Text-to-region grounding data
----
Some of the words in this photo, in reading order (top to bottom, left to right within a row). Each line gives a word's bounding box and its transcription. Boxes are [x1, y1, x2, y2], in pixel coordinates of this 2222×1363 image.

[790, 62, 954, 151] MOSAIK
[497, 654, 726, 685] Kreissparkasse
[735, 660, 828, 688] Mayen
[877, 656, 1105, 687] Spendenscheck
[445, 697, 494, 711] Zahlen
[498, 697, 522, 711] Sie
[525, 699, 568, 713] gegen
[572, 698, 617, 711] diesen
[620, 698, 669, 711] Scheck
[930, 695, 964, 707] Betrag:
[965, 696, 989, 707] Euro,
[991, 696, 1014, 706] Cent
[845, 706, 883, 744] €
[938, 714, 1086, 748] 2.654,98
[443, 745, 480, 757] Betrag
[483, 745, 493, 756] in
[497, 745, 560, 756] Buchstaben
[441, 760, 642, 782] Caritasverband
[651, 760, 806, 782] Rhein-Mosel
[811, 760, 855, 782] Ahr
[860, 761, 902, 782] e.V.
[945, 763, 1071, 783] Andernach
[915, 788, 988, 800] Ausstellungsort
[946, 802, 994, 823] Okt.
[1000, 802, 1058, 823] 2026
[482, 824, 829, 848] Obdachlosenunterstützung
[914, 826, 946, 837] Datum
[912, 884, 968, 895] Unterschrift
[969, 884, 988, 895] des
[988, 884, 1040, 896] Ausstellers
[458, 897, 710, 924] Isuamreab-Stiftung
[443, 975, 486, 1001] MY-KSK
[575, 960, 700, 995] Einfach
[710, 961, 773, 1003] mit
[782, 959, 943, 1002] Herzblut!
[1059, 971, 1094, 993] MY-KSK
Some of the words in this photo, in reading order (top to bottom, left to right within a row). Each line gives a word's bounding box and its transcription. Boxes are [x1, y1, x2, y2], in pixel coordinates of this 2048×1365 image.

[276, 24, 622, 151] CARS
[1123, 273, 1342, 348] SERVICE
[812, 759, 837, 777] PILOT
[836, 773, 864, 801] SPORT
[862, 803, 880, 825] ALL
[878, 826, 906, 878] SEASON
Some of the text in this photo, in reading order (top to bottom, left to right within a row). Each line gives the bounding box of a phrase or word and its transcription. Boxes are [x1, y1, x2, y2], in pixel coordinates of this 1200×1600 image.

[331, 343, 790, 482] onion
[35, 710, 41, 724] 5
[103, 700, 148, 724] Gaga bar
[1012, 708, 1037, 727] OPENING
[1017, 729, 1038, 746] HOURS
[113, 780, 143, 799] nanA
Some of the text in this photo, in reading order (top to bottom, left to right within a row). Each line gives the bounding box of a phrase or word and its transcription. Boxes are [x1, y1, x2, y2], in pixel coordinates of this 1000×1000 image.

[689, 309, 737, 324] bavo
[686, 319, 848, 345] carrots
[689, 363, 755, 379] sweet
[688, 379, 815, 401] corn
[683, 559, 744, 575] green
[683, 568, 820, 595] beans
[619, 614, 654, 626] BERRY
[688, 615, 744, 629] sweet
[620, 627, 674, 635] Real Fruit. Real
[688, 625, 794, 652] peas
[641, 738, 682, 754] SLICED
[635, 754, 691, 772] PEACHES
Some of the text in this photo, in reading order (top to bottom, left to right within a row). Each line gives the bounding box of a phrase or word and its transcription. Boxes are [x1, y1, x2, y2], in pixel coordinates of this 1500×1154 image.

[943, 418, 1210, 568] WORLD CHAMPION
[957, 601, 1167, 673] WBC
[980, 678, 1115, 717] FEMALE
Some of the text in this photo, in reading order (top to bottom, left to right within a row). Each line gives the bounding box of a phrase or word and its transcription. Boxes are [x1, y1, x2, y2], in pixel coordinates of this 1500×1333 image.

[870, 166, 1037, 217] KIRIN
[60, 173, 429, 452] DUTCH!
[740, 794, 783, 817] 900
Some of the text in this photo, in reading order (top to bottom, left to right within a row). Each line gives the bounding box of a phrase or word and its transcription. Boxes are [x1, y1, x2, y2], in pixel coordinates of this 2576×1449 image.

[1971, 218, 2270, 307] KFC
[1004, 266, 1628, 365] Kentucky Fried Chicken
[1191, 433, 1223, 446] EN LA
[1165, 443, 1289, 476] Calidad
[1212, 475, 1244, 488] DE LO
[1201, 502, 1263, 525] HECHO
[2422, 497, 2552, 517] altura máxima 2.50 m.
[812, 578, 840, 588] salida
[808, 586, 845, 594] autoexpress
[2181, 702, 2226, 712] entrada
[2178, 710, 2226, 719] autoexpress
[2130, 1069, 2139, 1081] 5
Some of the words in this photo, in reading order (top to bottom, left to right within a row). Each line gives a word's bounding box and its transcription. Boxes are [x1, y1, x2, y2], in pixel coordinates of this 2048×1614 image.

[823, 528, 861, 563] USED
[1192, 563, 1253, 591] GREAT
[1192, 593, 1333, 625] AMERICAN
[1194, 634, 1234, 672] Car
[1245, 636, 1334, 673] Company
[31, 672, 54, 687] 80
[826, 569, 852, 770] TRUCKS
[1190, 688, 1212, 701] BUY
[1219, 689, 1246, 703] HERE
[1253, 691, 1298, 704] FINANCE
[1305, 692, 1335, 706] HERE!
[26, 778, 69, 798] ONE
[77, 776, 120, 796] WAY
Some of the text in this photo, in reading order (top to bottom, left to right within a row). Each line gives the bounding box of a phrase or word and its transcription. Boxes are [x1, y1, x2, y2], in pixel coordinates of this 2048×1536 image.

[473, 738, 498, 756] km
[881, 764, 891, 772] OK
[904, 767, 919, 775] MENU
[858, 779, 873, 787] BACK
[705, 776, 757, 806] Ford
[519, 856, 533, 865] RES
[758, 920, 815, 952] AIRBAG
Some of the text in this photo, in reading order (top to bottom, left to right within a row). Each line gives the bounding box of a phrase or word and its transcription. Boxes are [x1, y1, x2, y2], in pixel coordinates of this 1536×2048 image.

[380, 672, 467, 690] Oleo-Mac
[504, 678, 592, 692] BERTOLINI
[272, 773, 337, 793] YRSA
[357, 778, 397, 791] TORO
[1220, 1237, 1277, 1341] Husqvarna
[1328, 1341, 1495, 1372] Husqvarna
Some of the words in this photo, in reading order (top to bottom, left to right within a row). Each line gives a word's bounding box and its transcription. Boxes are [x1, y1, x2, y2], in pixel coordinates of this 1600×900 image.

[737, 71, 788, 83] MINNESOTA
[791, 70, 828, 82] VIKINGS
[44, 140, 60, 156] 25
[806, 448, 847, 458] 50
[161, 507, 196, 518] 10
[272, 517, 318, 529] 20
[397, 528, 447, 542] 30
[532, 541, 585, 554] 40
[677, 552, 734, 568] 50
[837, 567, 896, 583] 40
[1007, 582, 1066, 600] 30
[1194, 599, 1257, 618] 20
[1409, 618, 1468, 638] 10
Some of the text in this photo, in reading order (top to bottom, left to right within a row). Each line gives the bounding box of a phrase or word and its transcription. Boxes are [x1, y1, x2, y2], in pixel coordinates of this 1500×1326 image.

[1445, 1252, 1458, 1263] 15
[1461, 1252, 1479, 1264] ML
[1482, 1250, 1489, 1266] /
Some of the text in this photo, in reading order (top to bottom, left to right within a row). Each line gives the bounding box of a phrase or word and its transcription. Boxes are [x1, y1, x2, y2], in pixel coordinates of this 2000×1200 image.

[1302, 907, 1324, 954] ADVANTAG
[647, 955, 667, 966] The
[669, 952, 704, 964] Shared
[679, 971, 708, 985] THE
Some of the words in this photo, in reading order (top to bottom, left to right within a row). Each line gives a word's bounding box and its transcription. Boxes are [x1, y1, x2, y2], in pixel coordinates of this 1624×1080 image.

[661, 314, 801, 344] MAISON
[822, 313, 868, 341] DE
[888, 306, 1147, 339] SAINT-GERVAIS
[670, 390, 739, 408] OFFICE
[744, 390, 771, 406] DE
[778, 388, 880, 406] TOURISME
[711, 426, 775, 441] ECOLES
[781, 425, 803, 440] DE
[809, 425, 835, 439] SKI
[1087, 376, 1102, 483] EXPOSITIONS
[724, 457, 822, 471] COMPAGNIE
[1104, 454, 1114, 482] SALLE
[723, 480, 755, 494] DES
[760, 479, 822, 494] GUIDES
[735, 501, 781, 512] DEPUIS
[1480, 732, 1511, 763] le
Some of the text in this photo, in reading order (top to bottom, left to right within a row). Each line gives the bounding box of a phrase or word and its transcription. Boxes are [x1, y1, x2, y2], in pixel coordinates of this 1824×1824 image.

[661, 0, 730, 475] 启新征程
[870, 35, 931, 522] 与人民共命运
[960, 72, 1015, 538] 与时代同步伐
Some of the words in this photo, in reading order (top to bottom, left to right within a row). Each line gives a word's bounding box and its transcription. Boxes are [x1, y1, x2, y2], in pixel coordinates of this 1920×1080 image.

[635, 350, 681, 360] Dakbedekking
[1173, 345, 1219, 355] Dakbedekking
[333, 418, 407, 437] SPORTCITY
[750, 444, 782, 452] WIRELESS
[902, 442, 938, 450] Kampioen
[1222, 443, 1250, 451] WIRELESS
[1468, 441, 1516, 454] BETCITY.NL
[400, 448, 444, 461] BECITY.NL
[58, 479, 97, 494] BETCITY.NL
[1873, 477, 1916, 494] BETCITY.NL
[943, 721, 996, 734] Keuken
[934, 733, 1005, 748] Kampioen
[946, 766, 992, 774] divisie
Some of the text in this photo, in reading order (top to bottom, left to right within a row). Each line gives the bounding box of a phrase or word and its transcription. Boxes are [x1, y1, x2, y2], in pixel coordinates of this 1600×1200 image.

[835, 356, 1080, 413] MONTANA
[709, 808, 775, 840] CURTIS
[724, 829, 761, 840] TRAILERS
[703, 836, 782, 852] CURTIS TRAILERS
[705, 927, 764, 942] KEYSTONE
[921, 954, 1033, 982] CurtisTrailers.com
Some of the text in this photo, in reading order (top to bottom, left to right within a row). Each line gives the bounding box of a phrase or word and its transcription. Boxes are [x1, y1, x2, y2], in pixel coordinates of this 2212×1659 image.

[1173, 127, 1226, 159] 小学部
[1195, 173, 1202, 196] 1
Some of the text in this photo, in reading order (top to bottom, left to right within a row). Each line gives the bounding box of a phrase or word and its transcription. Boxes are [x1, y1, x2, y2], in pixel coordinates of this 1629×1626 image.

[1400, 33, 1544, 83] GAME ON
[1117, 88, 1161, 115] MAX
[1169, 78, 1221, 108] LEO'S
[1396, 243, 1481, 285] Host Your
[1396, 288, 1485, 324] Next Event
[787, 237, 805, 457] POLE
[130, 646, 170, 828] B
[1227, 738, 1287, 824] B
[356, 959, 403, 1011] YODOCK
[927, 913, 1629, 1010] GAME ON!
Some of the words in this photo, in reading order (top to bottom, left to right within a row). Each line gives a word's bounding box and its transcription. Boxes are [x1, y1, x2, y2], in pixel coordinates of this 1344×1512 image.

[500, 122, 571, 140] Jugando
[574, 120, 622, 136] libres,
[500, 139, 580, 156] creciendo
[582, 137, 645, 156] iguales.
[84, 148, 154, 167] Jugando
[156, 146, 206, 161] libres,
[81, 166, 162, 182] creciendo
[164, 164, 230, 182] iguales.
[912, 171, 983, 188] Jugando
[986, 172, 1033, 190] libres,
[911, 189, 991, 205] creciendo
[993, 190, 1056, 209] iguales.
----
Task brief: Up to and including the last line of the data, copy each line exactly, starting with the line that contains "this 2212×1659 image.".

Result for this task:
Some of the text in this photo, in reading order (top to bottom, left to right within a row). Each line gives the bounding box of a phrase or word and its transcription. Boxes are [x1, y1, x2, y2], in pixel coordinates of this 2212×1659 image.

[1173, 127, 1226, 159] 小学部
[1195, 173, 1202, 196] 1
Some of the text in this photo, in reading order (top to bottom, left to right within a row). Each line gives the bounding box of a phrase or word and its transcription. Boxes are [x1, y1, x2, y2], in pixel coordinates of this 1629×1626 image.

[1400, 33, 1544, 83] GAME ON
[1117, 88, 1161, 115] MAX
[1169, 78, 1221, 108] LEO'S
[1396, 243, 1481, 285] Host Your
[1396, 288, 1485, 324] Next Event
[787, 237, 805, 457] POLE
[130, 646, 170, 828] B
[1227, 738, 1287, 824] B
[356, 959, 403, 1011] YODOCK
[927, 913, 1629, 1010] GAME ON!
Some of the words in this photo, in reading order (top to bottom, left to right within a row). Each line gives a word's bounding box and its transcription. Boxes are [x1, y1, x2, y2], in pixel coordinates of this 1344×1512 image.

[500, 122, 571, 140] Jugando
[574, 120, 622, 136] libres,
[500, 139, 580, 156] creciendo
[582, 137, 645, 156] iguales.
[84, 148, 154, 167] Jugando
[156, 146, 206, 161] libres,
[81, 166, 162, 182] creciendo
[164, 164, 230, 182] iguales.
[912, 171, 983, 188] Jugando
[986, 172, 1033, 190] libres,
[911, 189, 991, 205] creciendo
[993, 190, 1056, 209] iguales.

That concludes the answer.